- Instructions for the task -
All of the lines below need to be copied exactly, apart from the pictures.

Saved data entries
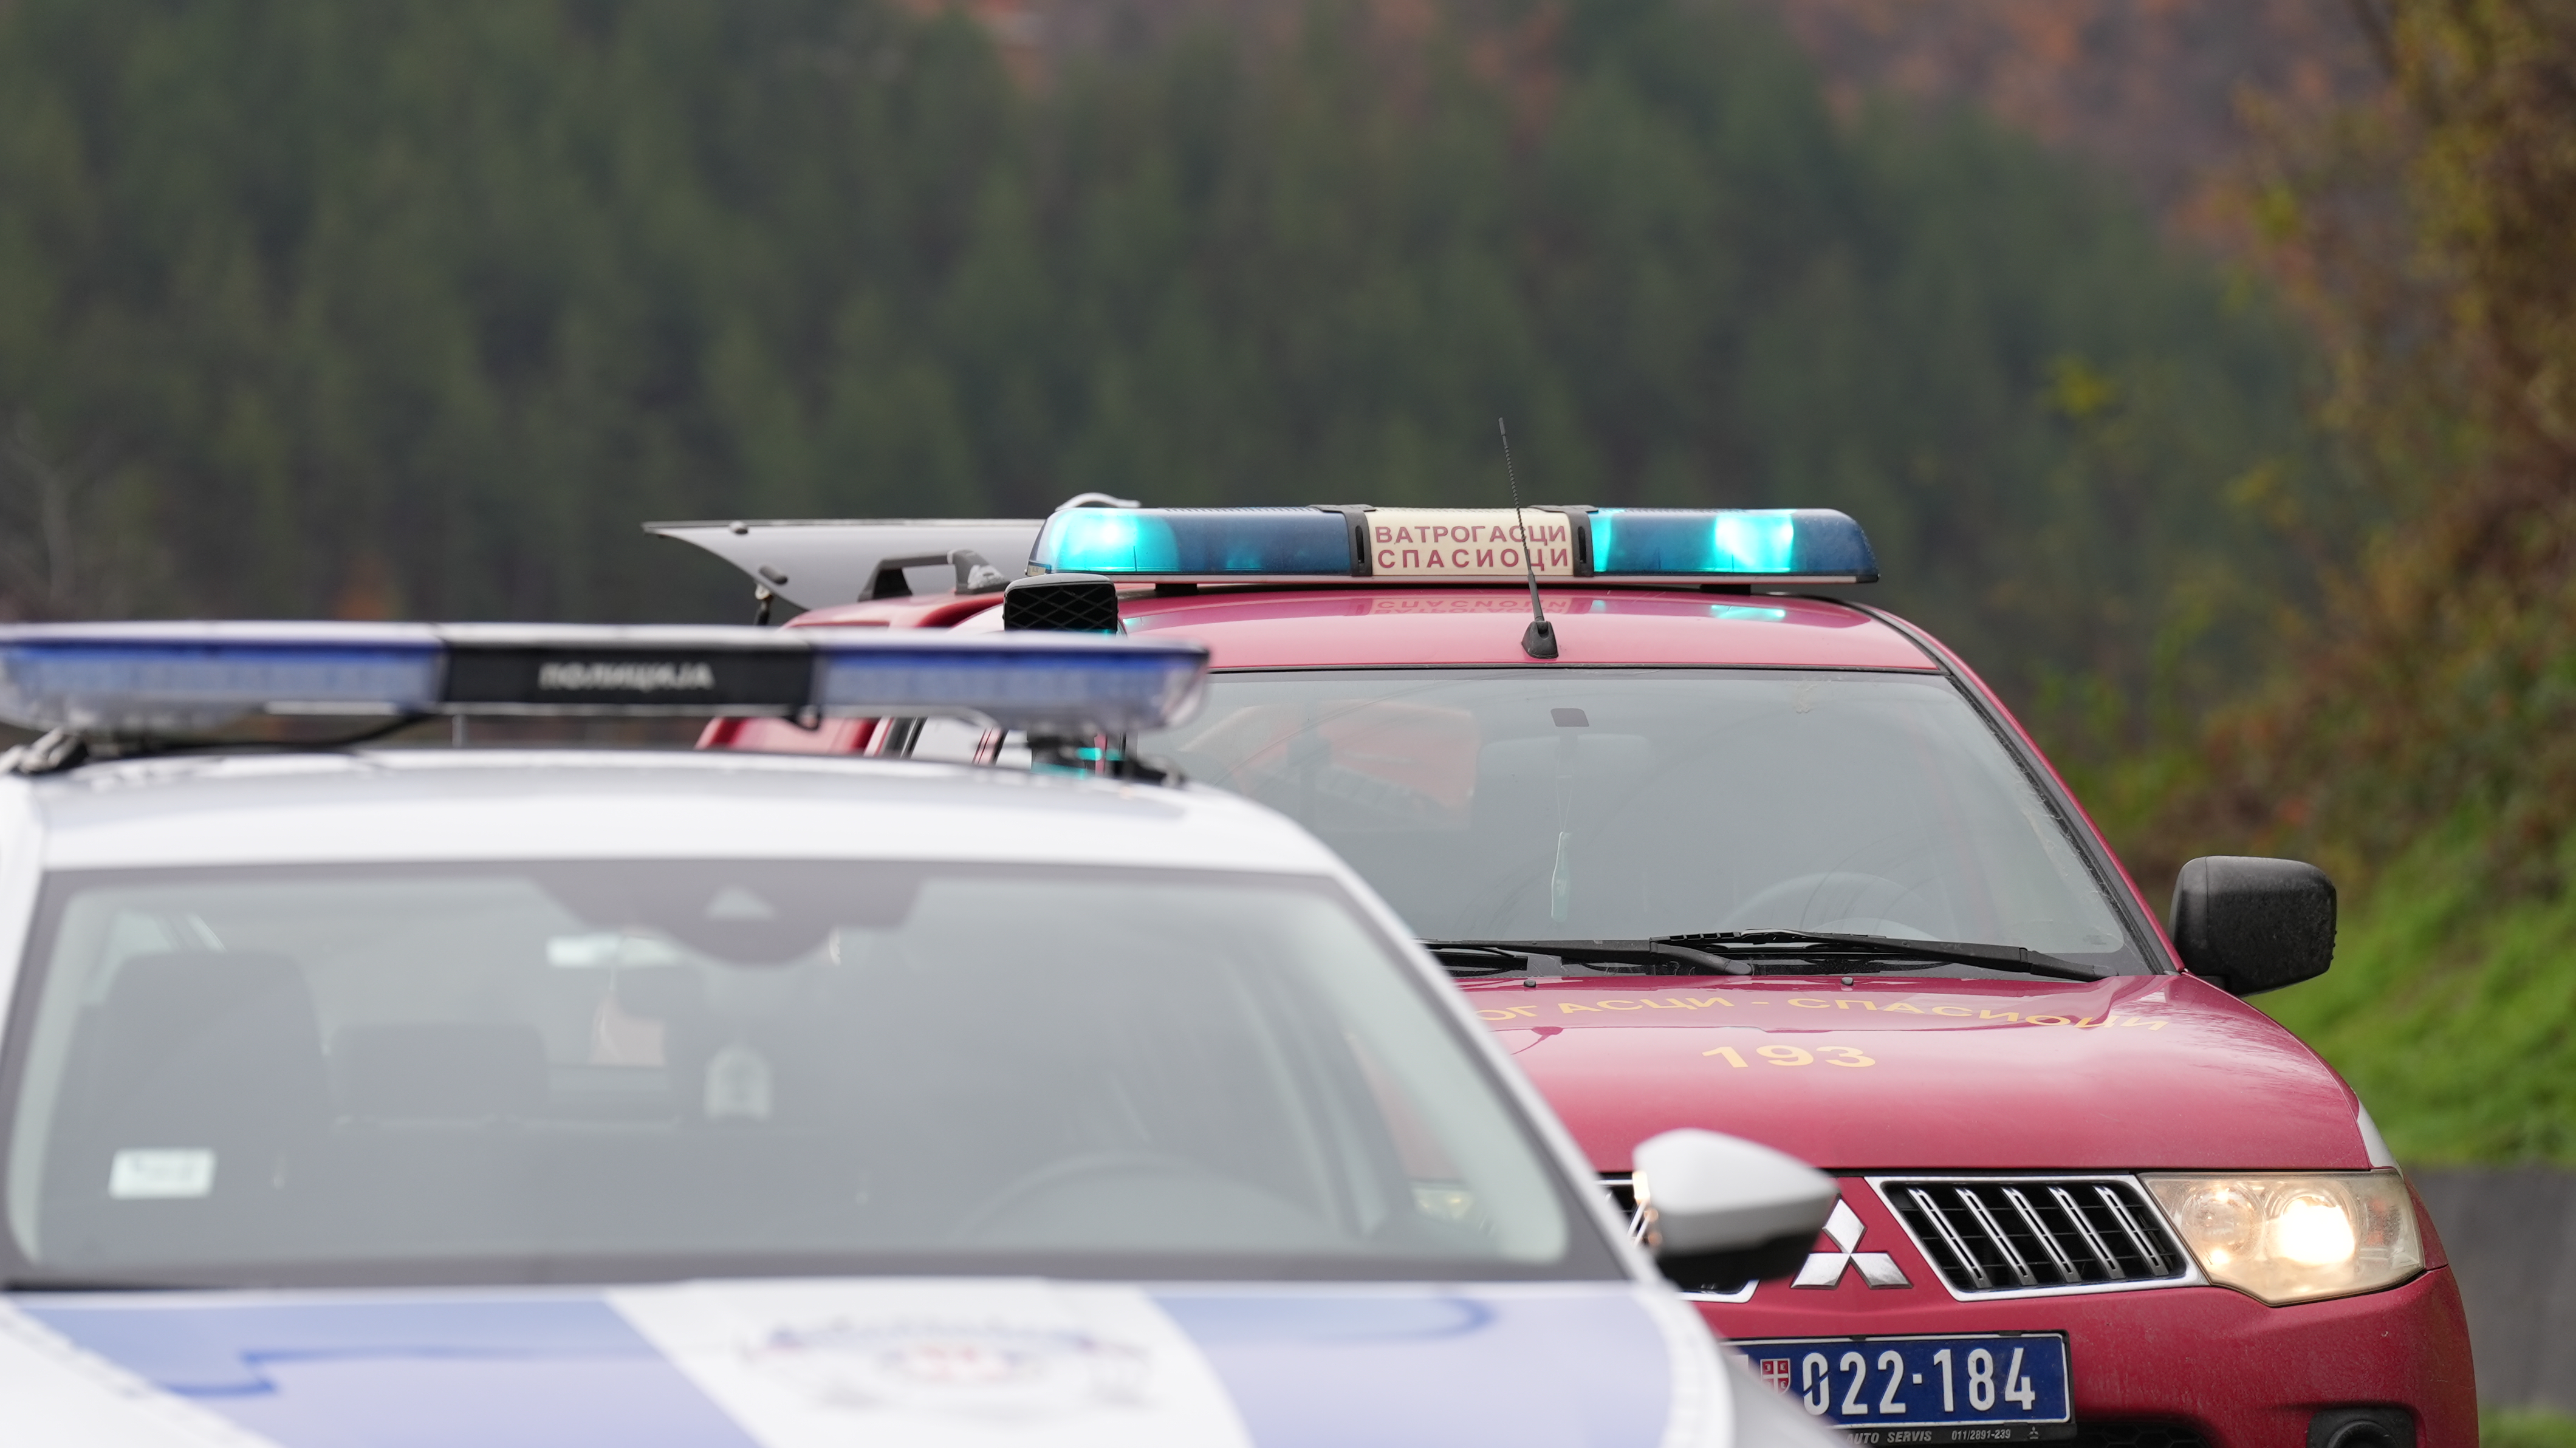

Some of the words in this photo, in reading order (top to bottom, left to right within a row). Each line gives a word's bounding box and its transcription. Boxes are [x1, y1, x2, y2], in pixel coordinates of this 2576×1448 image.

[1375, 526, 1566, 546] ВАТРОГАСЦИ
[1377, 548, 1568, 572] СПАСИОЦИ
[1787, 998, 2170, 1031] СПАСИОЦИ
[1702, 1045, 1876, 1068] 193
[1886, 1430, 1933, 1443] SERVIS
[1951, 1429, 2011, 1441] 011/2891-239

- Answer area -
Some of the words in this photo, in reading order (top to bottom, left to right within a row). Each line gives a word's bounding box and its transcription. Boxes are [x1, y1, x2, y2], in pixel coordinates of this 2576×1448 image.

[1375, 526, 1566, 546] ВАТРОГАСЦИ
[1377, 548, 1568, 572] СПАСИОЦИ
[1787, 998, 2170, 1031] СПАСИОЦИ
[1702, 1045, 1876, 1068] 193
[1886, 1430, 1933, 1443] SERVIS
[1951, 1429, 2011, 1441] 011/2891-239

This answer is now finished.